═════ MATERIAL FOR THE TASK ═════

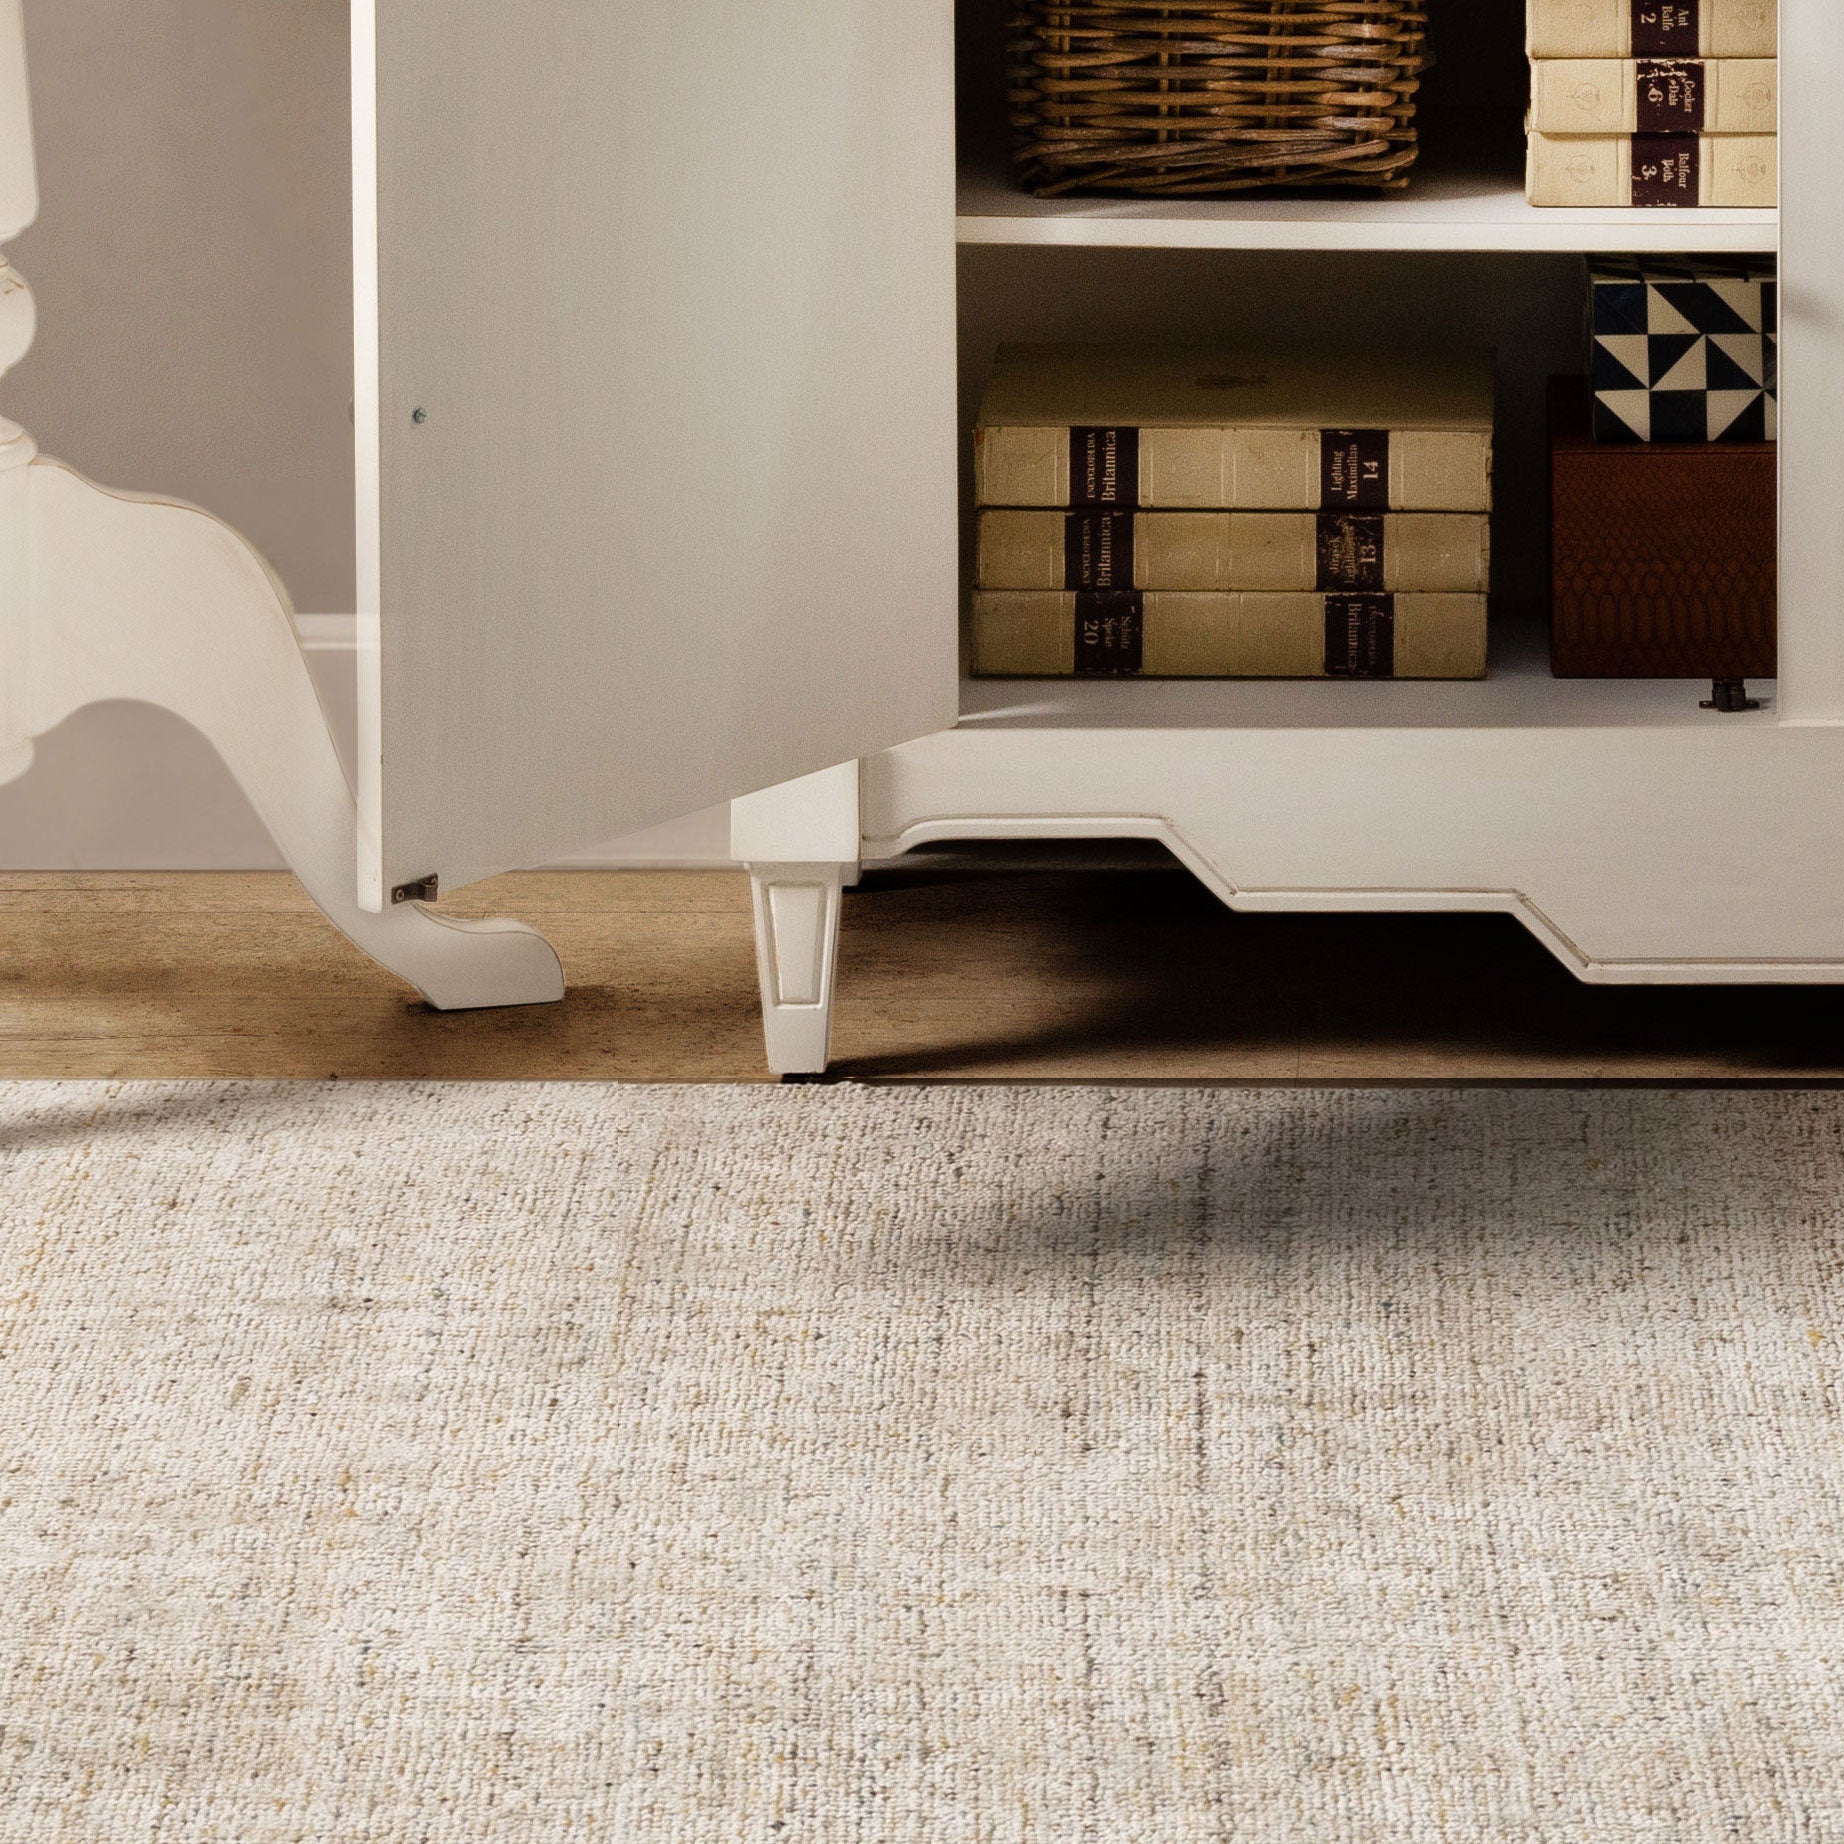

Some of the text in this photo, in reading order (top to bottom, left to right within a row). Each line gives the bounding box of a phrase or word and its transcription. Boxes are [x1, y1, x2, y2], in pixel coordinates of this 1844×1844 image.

[1641, 13, 1656, 24] 2
[1678, 9, 1689, 27] Ant
[1683, 80, 1696, 113] Cocker
[1642, 164, 1657, 179] 3
[1678, 152, 1689, 189] Balfour
[1101, 431, 1116, 501] Britannica
[1330, 450, 1344, 491] Lighting
[1347, 444, 1357, 500] Maximilian
[1363, 460, 1378, 479] 14
[1096, 516, 1111, 586] Britannica
[1084, 620, 1099, 644] 20

═════

• TASK TO COMPLETE:
All of the records need to be reproduced exactly, with each picture omitted.

• RESULT OF THE TASK:
Some of the text in this photo, in reading order (top to bottom, left to right within a row). Each line gives the bounding box of a phrase or word and its transcription. Boxes are [x1, y1, x2, y2], in pixel coordinates of this 1844×1844 image.

[1641, 13, 1656, 24] 2
[1678, 9, 1689, 27] Ant
[1683, 80, 1696, 113] Cocker
[1642, 164, 1657, 179] 3
[1678, 152, 1689, 189] Balfour
[1101, 431, 1116, 501] Britannica
[1330, 450, 1344, 491] Lighting
[1347, 444, 1357, 500] Maximilian
[1363, 460, 1378, 479] 14
[1096, 516, 1111, 586] Britannica
[1084, 620, 1099, 644] 20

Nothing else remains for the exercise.